The Aether pipeline is a modular, configurable series of processing steps that work together to extract, transform, and protect healthcare data.

Pipeline Architecture

High-Level Overview

Start

[Import Step] - One of:
  • torch: Extract from TORCH via CRTDL
  • local_import: Load from local directory
  • http_import: Load from HTTP URL

[DIMP] - Pseudonymize/de-identify (optional)

[Validate] - Verify data quality (placeholder)

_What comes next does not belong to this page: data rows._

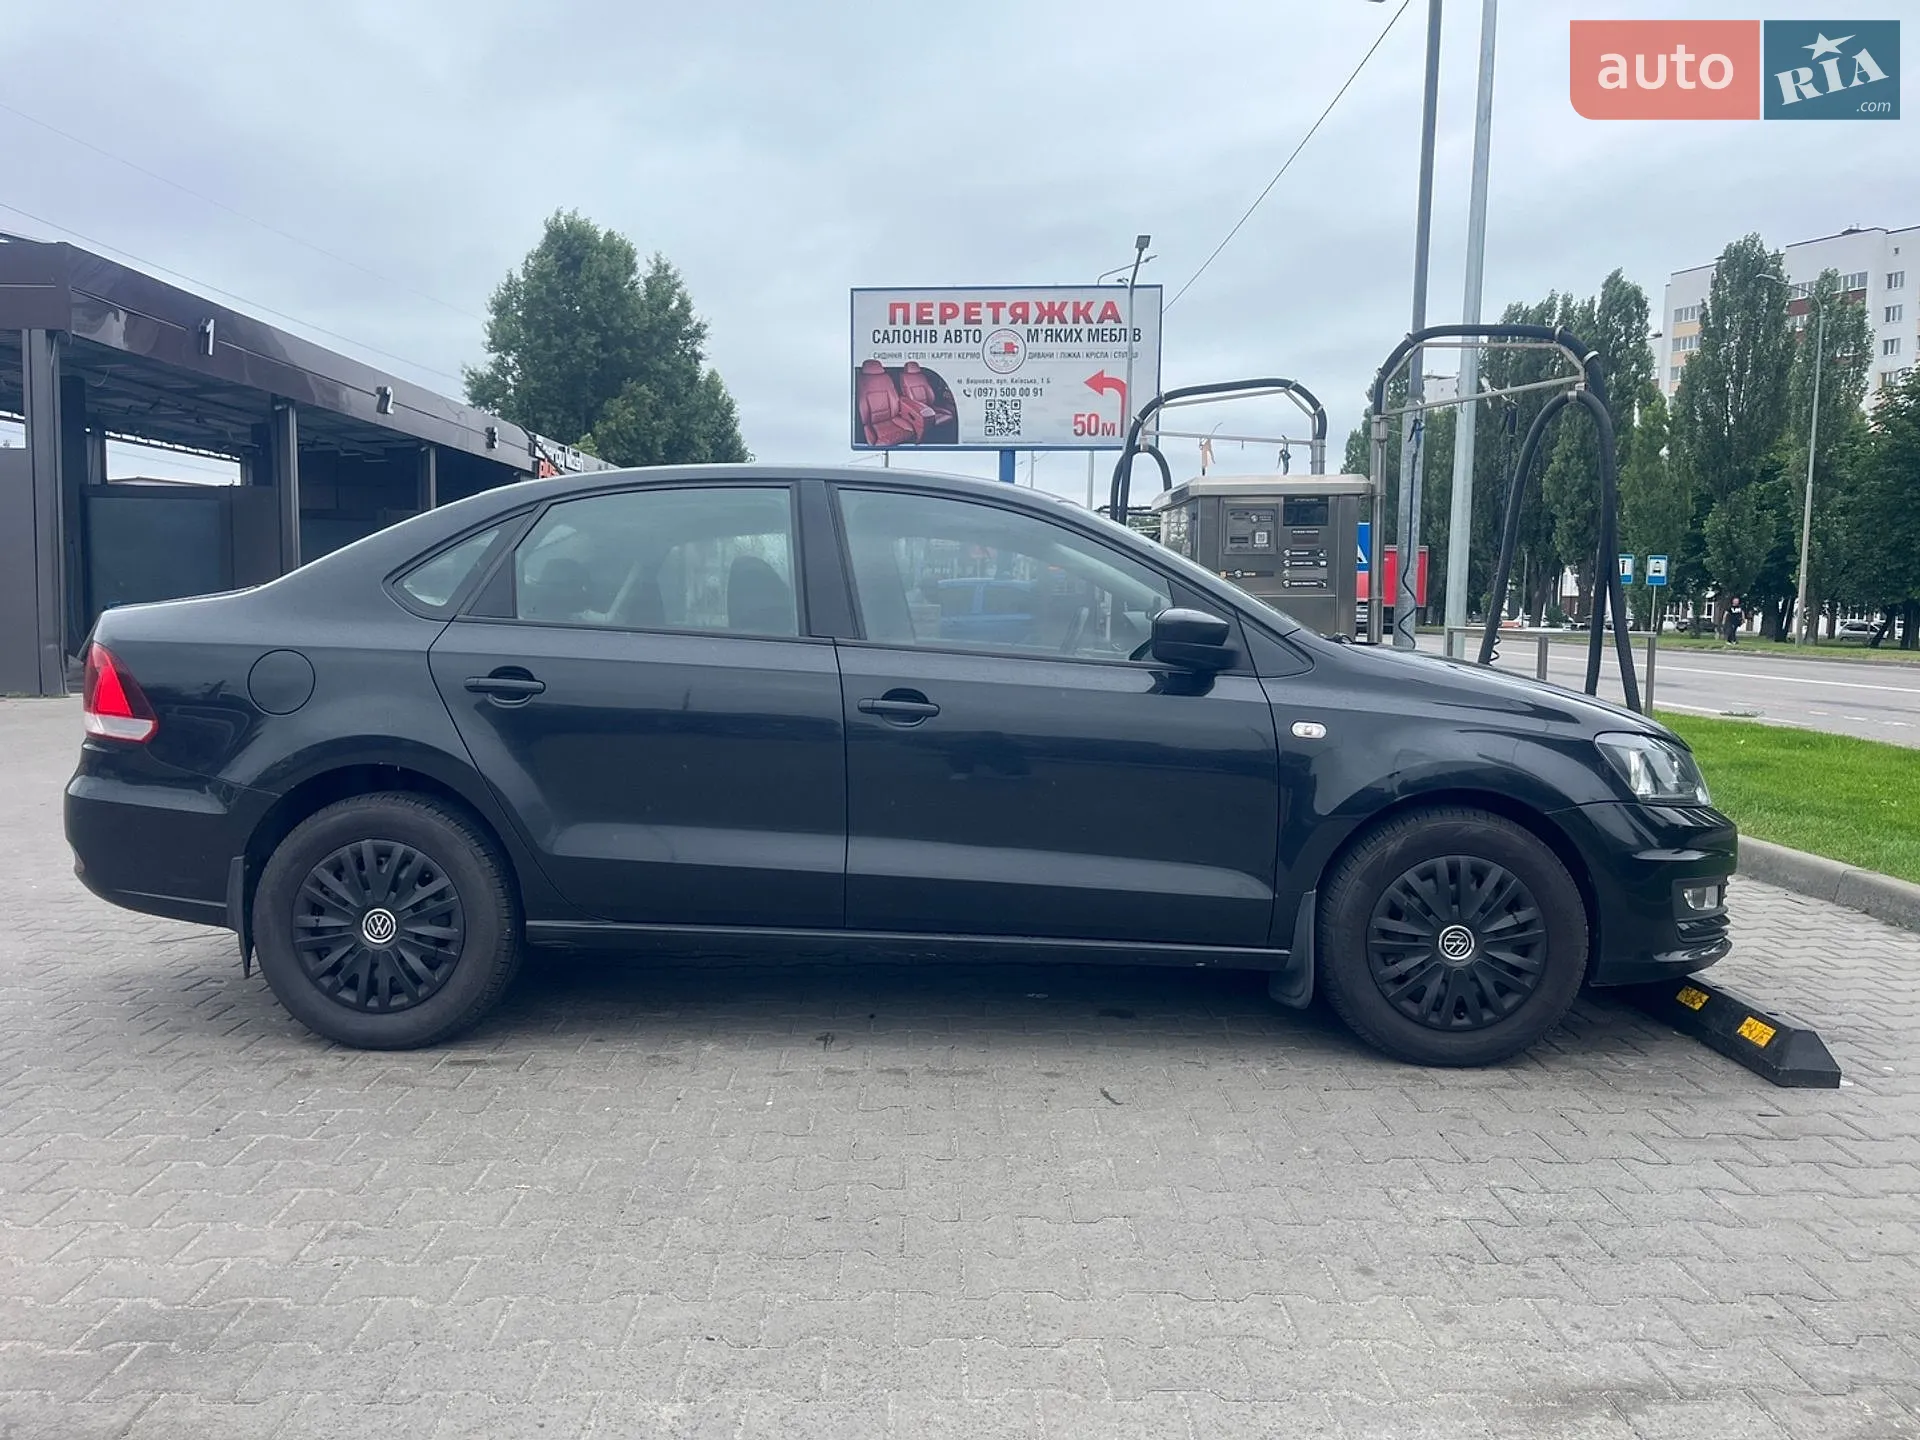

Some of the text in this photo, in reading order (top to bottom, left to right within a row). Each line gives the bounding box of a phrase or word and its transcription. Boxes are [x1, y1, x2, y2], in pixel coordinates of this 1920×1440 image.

[888, 301, 1123, 325] ПЕРЕТЯЖКА
[203, 318, 215, 356] 1
[872, 329, 938, 344] САЛОНІВ
[943, 329, 983, 344] АВТО
[1087, 328, 1142, 343] МЕБЛВ
[973, 387, 1043, 399] (097) 500 00 91
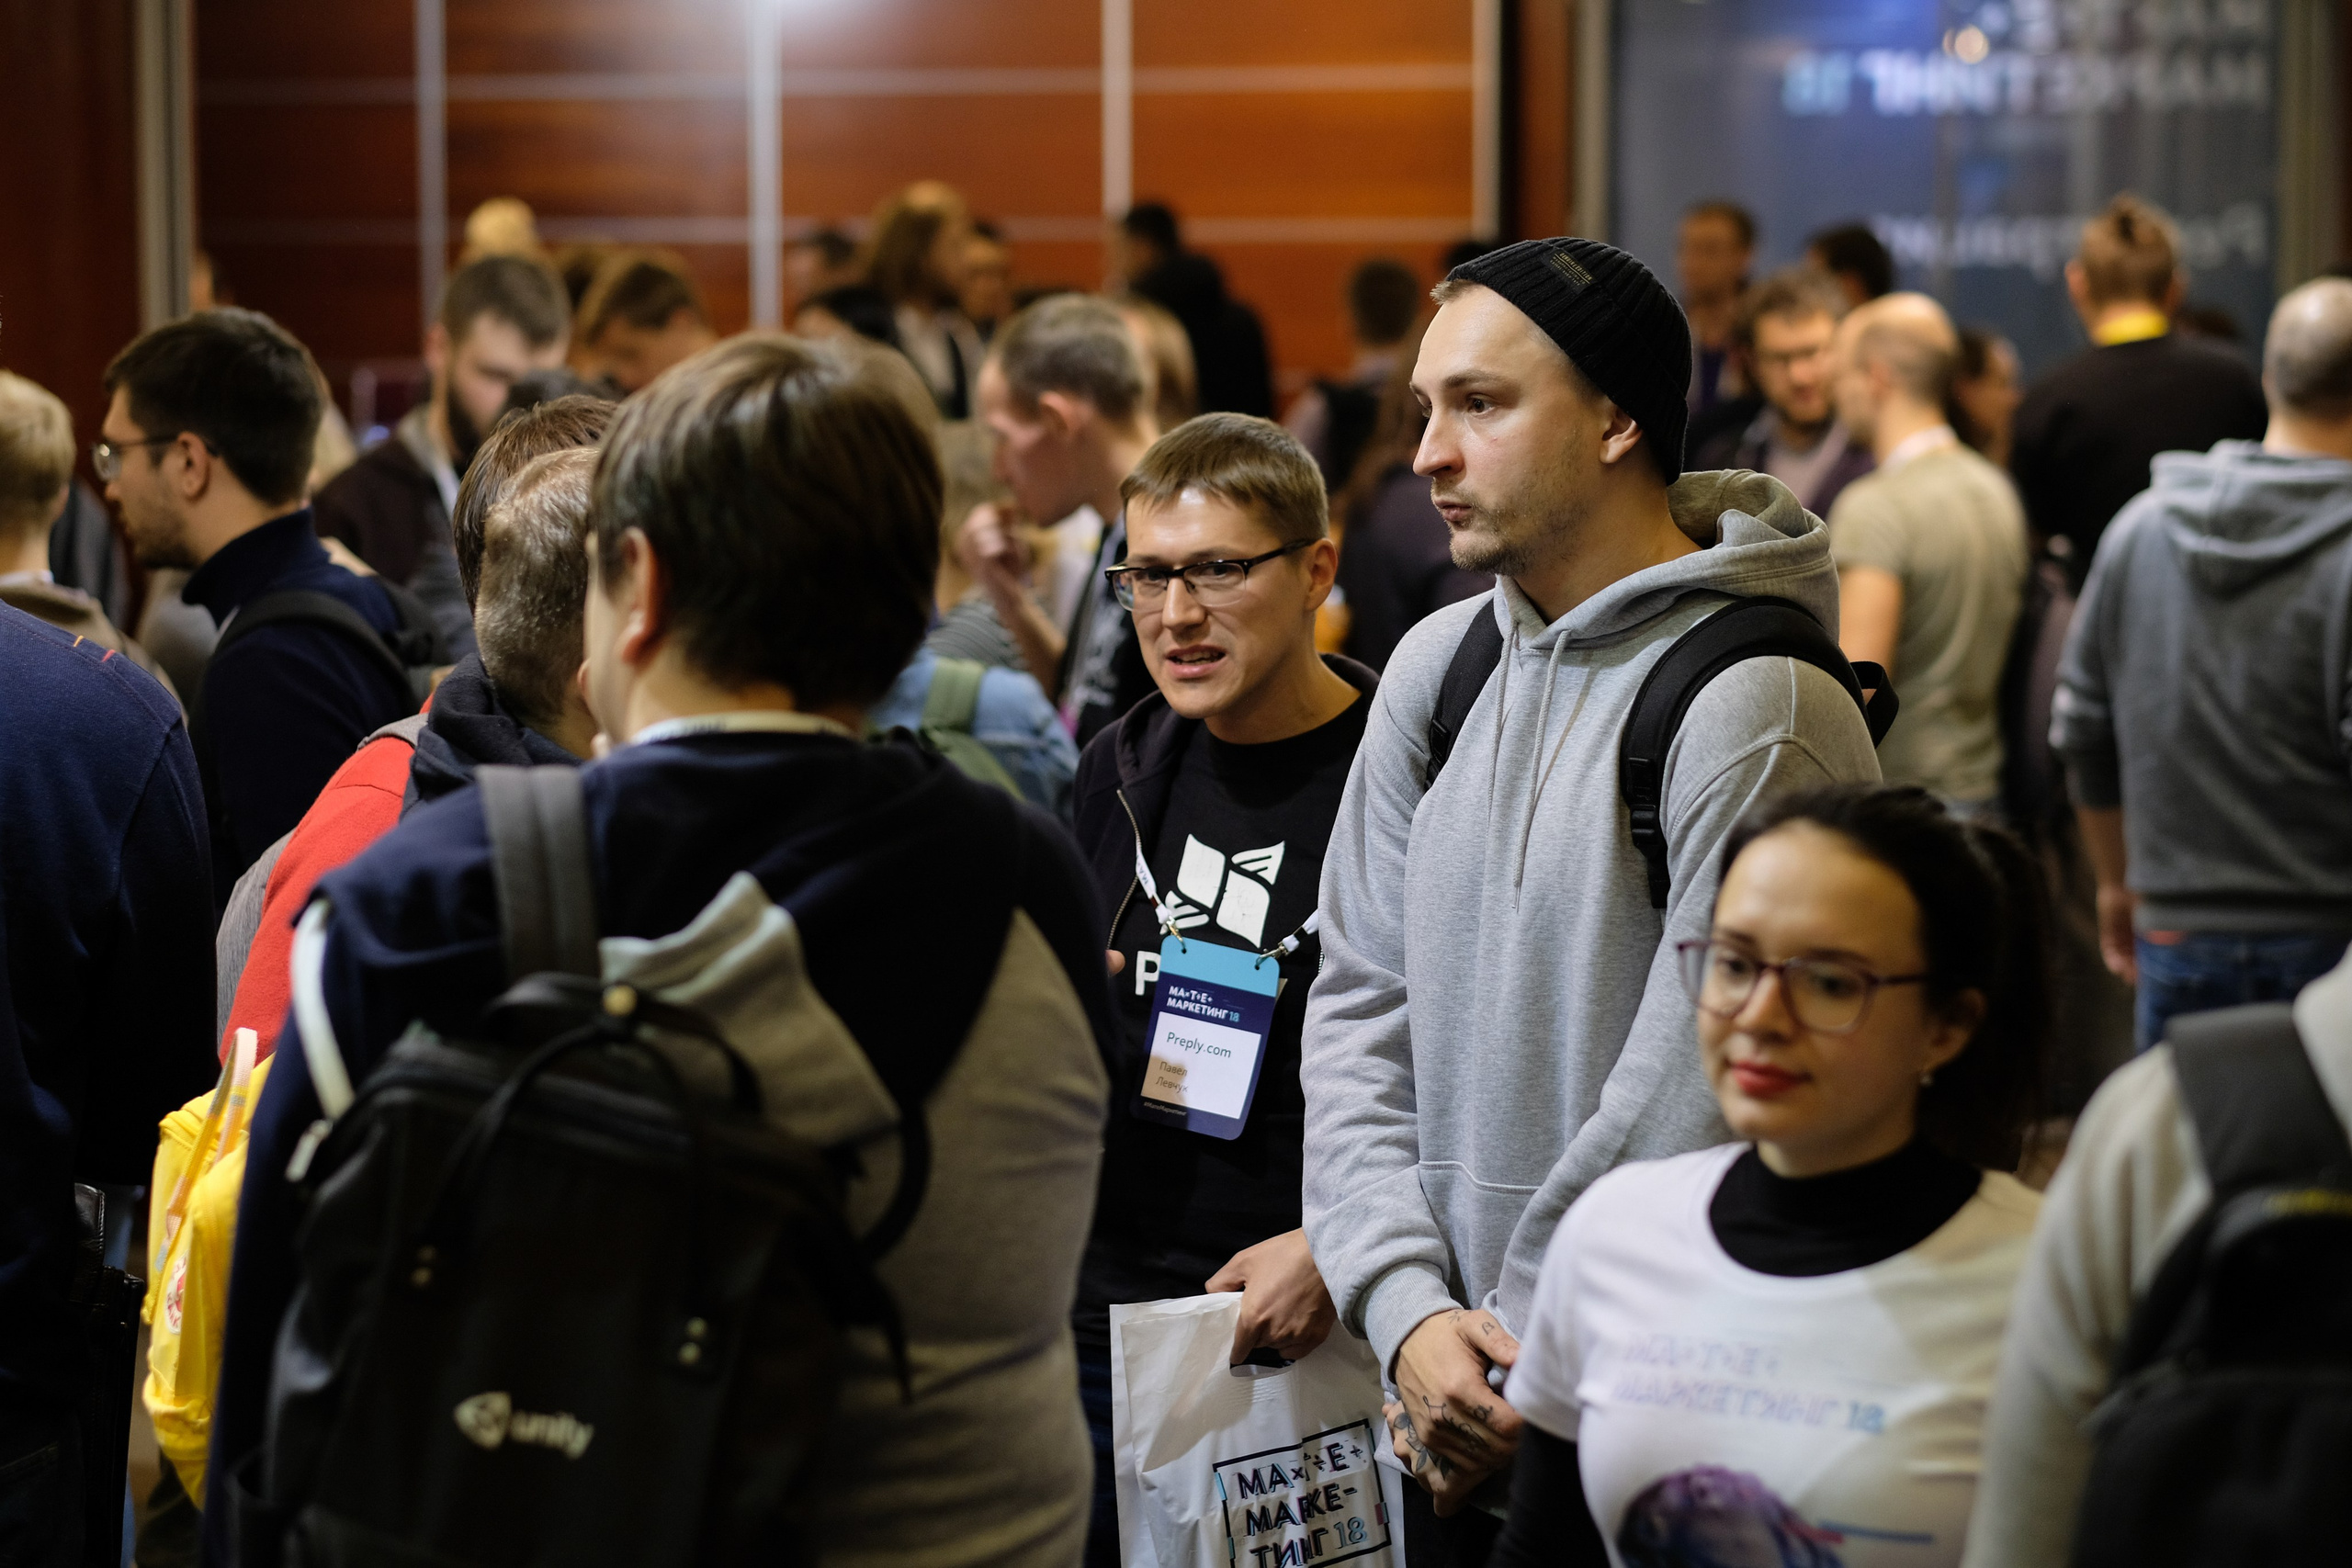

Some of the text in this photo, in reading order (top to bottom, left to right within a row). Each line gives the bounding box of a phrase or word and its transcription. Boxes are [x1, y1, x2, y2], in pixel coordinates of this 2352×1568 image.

[1166, 997, 1240, 1022] МАРКЕТИНГ 18
[1166, 1032, 1232, 1058] Preply.com
[1159, 1061, 1188, 1077] Павел
[1155, 1076, 1189, 1094] Левчук
[509, 1408, 595, 1461] unity
[1333, 1516, 1368, 1550] 18

[CSV/Parquet] - Convert format (placeholders)

Output

Execution Model

  • Sequential: Steps run in order (one completes before the next starts)
  • Resilient: Failed steps can trigger automatic retries
  • Resumable: Resume failed pipelines without reprocessing completed steps
  • Monitored: Real-time progress tracking and logging
  • Configurable: Enable/disable steps based on requirements

Configuration

Steps are configured in aether.yaml:

yaml
pipeline:
  enabled_steps:
    - torch          # or local_import or http_import
    - dimp

Important: The first step must always be one of the import step types:

  • torch - Import from TORCH server via CRTDL
  • local_import - Import from local directory
  • http_import - Import from HTTP URL

Only enabled steps execute; others are skipped.

Available Pipeline Steps

Import Steps (Step 1 - Required)

One of the following import steps must be the first step in your pipeline:

1a. TORCH Import (torch)

Purpose: Extract FHIR data from TORCH server using CRTDL queries.

Requires:

  • TORCH server credentials
  • CRTDL query file

Configuration:

yaml
services:
  torch:
    base_url: "https://torch.hospital.org"
    username: "researcher"
    password: "secret"

pipeline:
  enabled_steps:
    - torch
    - dimp  # optional next steps

Input: CRTDL query file (JSON) Output: FHIR NDJSON data in jobs directory

Example:

bash
aether pipeline start my_cohort.crtdl

See TORCH Integration for details.

1b. Local Import (local_import)

Purpose: Load and validate FHIR data from local directory.

Requires:

  • Local directory containing FHIR NDJSON files

Configuration:

yaml
pipeline:
  enabled_steps:
    - local_import
    - dimp  # optional next steps

Input: Path to directory with FHIR NDJSON files Output: Validated FHIR data in jobs directory

Features:

  • Validates FHIR schema compliance
  • Handles multiple NDJSON files
  • Reports validation errors

Example:

bash
aether pipeline start /path/to/fhir/files/

1c. HTTP Import (http_import)

Purpose: Download and validate FHIR data from HTTP/HTTPS URL.

Requires:

  • HTTP/HTTPS URL to FHIR NDJSON file or endpoint

Configuration:

yaml
pipeline:
  enabled_steps:
    - http_import
    - dimp  # optional next steps

Input: HTTP/HTTPS URL to FHIR data Output: Downloaded and validated FHIR data in jobs directory

Features:

  • Downloads FHIR data from remote URLs
  • Validates FHIR schema compliance
  • Supports authentication (if configured)

Example:

bash
aether pipeline start https://fhir.server.org/export/Patient.ndjson

2. DIMP Step

Purpose: De-identify and pseudonymize FHIR data via DIMP service.

Requires:

  • DIMP service running
  • One of the import steps (torch, local_import, or http_import) to complete first

Configuration:

yaml
services:
  dimp:
    url: "http://localhost:32861/fhir"
    bundle_split_threshold_mb: 10

pipeline:
  enabled_steps:
    - local_import  # or torch or http_import
    - dimp

Input: Validated FHIR bundles Output: De-identified FHIR data with pseudonyms

Features:

  • Removes/masks personally identifiable information
  • Generates consistent pseudonyms
  • Maintains clinical data utility
  • Audit trail of changes

Example:

bash
aether pipeline start /path/to/fhir/

See DIMP Pseudonymization for details.

3. Validation Step (Placeholder)

Purpose: Validate data quality and FHIR compliance.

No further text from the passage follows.